La vera domanda che scotta è: l’Italia è pronta a investire in ciò che non porta un ritorno immediato?
Perché l’innovazione – quella vera, che strappa via la polvere dai modelli stantii e propone soluzioni radicali – non è una corsa ai like, né una vetrina. È una maratona silenziosa che ha bisogno di tempo, fiducia, e – appunto – capitale paziente.

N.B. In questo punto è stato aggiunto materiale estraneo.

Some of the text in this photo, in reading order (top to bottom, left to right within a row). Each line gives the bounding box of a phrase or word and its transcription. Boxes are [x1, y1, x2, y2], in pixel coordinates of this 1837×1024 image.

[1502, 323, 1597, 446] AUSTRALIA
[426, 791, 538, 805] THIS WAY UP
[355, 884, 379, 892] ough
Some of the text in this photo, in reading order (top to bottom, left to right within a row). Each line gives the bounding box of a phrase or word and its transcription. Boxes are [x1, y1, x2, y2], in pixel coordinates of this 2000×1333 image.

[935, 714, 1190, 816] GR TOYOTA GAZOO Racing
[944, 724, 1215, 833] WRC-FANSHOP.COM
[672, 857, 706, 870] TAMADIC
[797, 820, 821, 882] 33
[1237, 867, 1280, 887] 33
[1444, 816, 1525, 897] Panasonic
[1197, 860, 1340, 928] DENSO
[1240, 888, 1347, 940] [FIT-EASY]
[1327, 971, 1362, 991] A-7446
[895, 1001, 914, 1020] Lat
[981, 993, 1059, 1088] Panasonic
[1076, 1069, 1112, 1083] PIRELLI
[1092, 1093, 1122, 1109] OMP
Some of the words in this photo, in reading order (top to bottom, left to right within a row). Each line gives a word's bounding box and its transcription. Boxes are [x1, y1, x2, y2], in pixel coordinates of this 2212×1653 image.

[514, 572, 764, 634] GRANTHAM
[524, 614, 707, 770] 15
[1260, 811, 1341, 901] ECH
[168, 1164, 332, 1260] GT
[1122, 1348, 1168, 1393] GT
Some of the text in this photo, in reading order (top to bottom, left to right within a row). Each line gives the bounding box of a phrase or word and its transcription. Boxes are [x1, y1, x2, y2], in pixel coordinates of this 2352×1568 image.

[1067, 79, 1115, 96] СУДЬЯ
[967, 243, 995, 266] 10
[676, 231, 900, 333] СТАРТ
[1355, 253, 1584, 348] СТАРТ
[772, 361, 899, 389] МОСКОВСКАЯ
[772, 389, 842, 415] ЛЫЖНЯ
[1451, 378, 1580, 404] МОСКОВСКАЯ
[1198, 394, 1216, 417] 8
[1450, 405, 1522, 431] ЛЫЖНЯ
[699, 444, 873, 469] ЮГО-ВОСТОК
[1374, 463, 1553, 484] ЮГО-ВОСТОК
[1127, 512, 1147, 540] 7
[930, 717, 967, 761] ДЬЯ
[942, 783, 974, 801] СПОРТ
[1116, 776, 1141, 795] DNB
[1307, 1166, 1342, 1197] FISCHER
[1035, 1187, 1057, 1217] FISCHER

E qui nasce il cortocircuito.
Nel nostro Paese, la pazienza del capitale è un concetto fragile, spesso sacrificato sull’altare del breve termine. I fondi cercano exit rapide, gli investitori pretendono trimestrali da manuale, e chi innova spesso si ritrova a farlo da solo, autofinanziandosi o migrando verso lidi più accoglienti.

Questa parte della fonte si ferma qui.